A lo lejos vio a su compañero, Sven-Erik Stålnacke, el policía Tommy Rantakyrö y el inspector Fred Olsson, delante de la entrada de la iglesia. Sven-Erik, con la cabeza descubierta, como siempre, estaba completamente quieto y un poco echado hacia atrás, con las manos bien metidas en los calientes bolsillos de su anorak. Los dos hombres más jóvenes se movían a su lado intranquilos, como cachorros inquietos. No les podía oír pero, por el vaho que salía de sus bocas como blancas burbujas, parecía que Rantakyrö y Olsson conversaban entusiasmados. Los cachorros la saludaron con ladridos alegres en cuanto la vieron.

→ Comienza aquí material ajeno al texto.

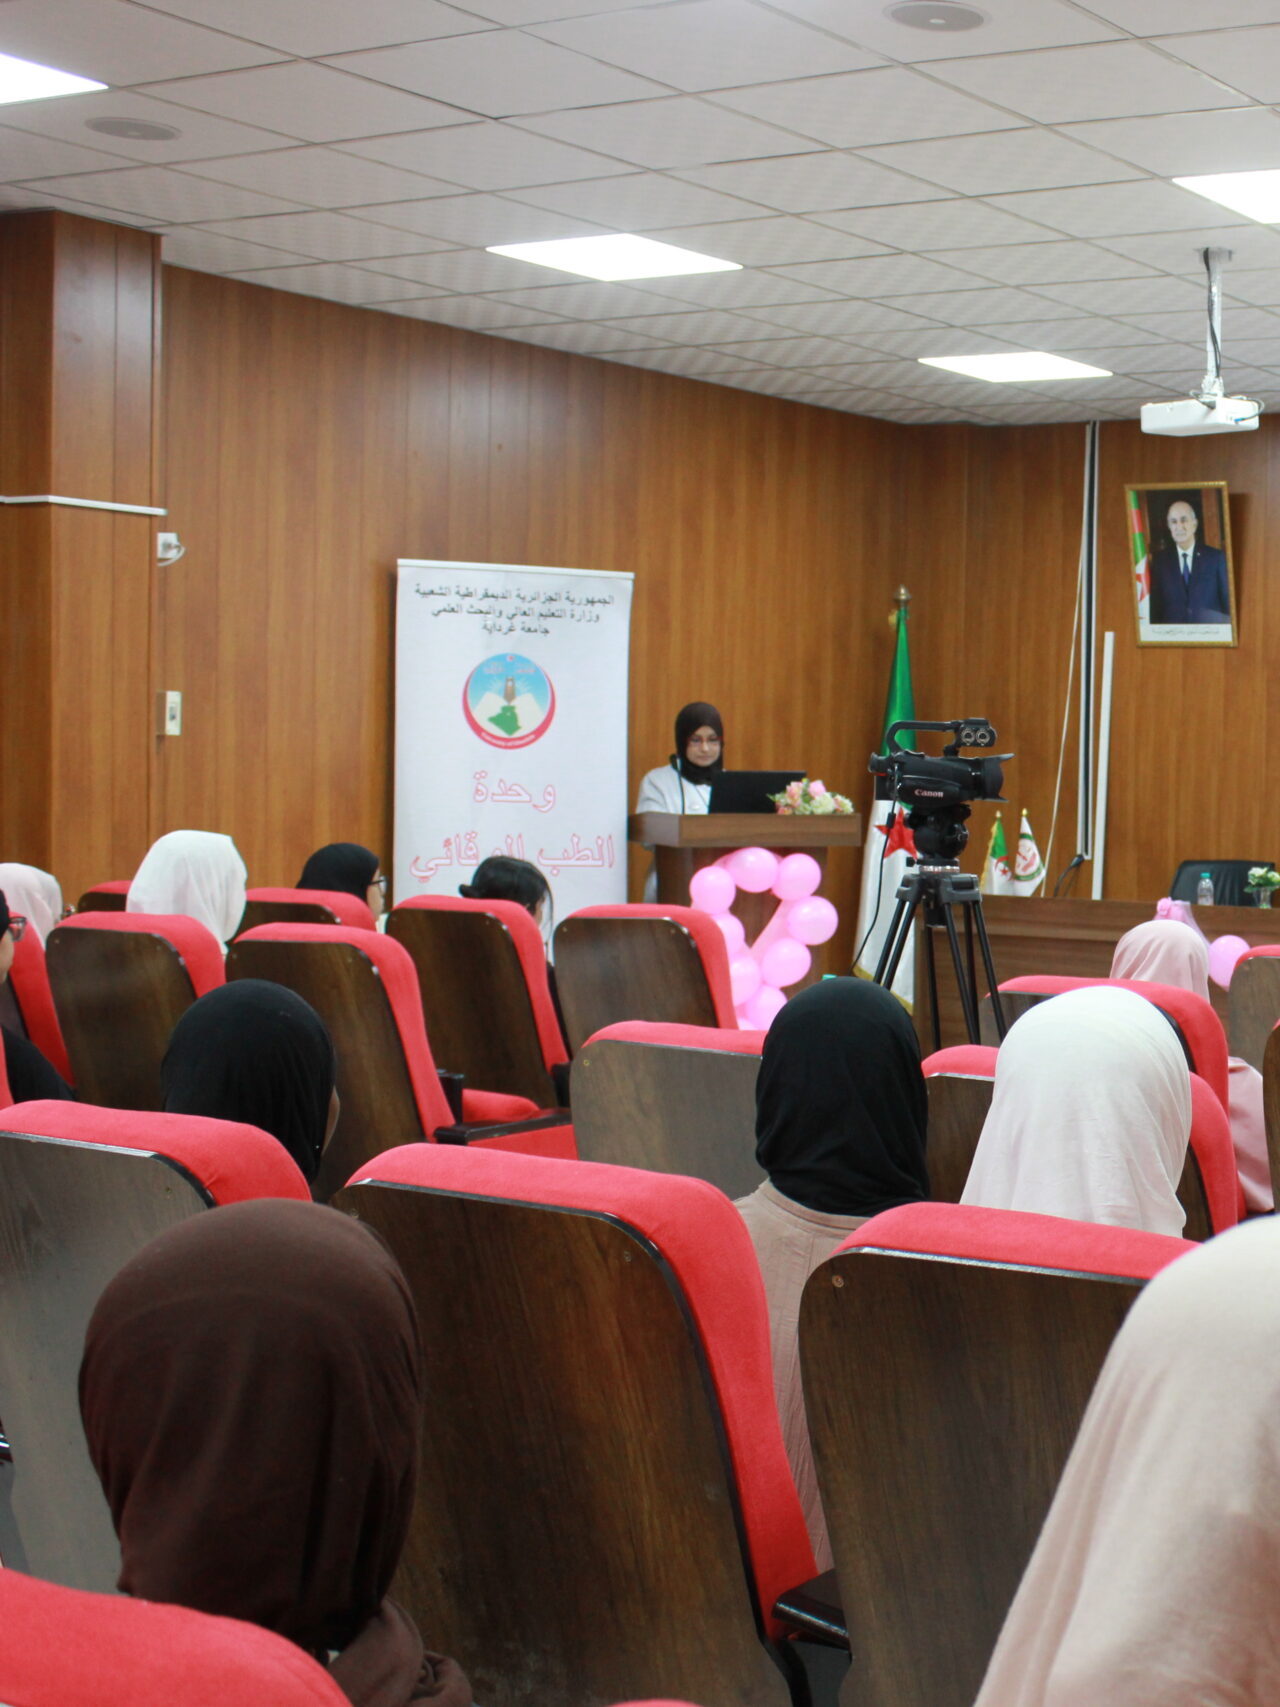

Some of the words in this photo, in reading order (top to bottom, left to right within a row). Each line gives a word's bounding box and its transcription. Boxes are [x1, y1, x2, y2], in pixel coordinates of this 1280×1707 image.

[414, 583, 451, 597] الشعبية
[455, 585, 512, 601] الديمقراطية
[515, 588, 562, 604] الجزائرية
[565, 590, 615, 606] الجمهورية
[431, 603, 463, 618] العلمي
[466, 604, 503, 619] والبحث
[507, 606, 536, 621] العالي
[537, 608, 567, 620] التعليم
[569, 608, 600, 623] وزارة
[481, 621, 517, 636] غرداية
[520, 624, 551, 637] جامعة
[473, 770, 556, 813] وحدة
[914, 788, 944, 798] Canon
[537, 833, 615, 876] الطب

– Hola -aulló Tommy Rantakyrö-. ¿Qué tal por ahí?
– Por aquí bien -respondió de buen humor.
– Primero saludamos a la barriga y un cuarto de hora más tarde llegas tú -añadió Fred Olsson.
Anna-Maria se echó a reír.
Se encontró con la seria mirada de Sven-Erik. En su gran bigote de morsa se habían formado pequeños carámbanos de hielo.

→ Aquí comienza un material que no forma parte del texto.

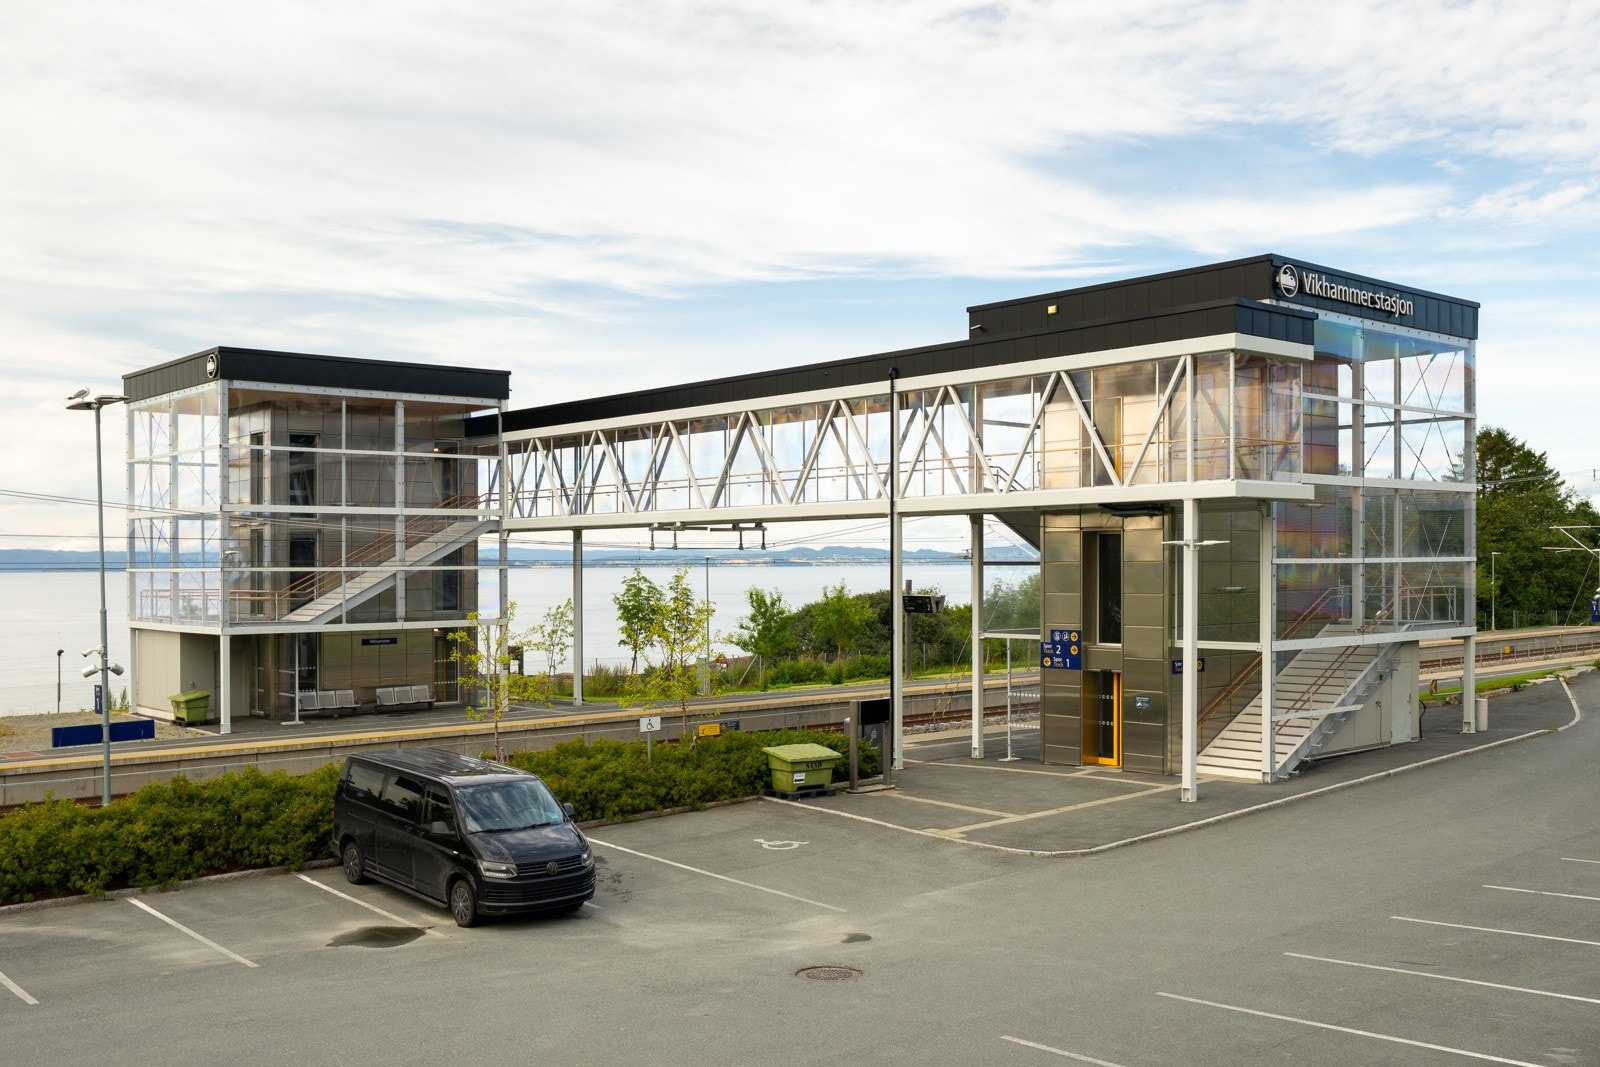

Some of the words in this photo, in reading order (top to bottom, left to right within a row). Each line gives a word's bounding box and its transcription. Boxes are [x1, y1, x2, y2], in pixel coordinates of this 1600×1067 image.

[1302, 271, 1373, 307] Vikhammer
[1374, 292, 1413, 318] stasjon
[1055, 644, 1061, 654] 2
[1053, 656, 1063, 664] Spor
[1066, 658, 1070, 668] 1

– Gracias por venir -dijo-. Espero que hayas desayunado, porque esto no es muy apetitoso que digamos. ¿Entramos?
– ¿Queréis que os esperemos?
Fred Olsson pisoteaba la nieve una y otra vez. Su mirada iba constantemente de Sven-Erik a Anna-Maria. Sven-Erik iba a sustituir a Anna-Maria, de manera que formalmente ahora él era el jefe, pero cuando Anna-Maria estaba presente no se sabía bien quién mandaba.
Anna-Maria se quedó con la boca cerrada y fijó la mirada en Sven-Erik. Ella estaba allí sólo en calidad de acompañante.
– Iría bien que os quedaseis -respondió Sven-Erik-, para que no entre nadie antes de que retiren el cuerpo. Pero podéis entrar si tenéis frío.
– No, joder, nos quedaremos fuera. Sólo quería saberlo -aseguró Fred Olsson.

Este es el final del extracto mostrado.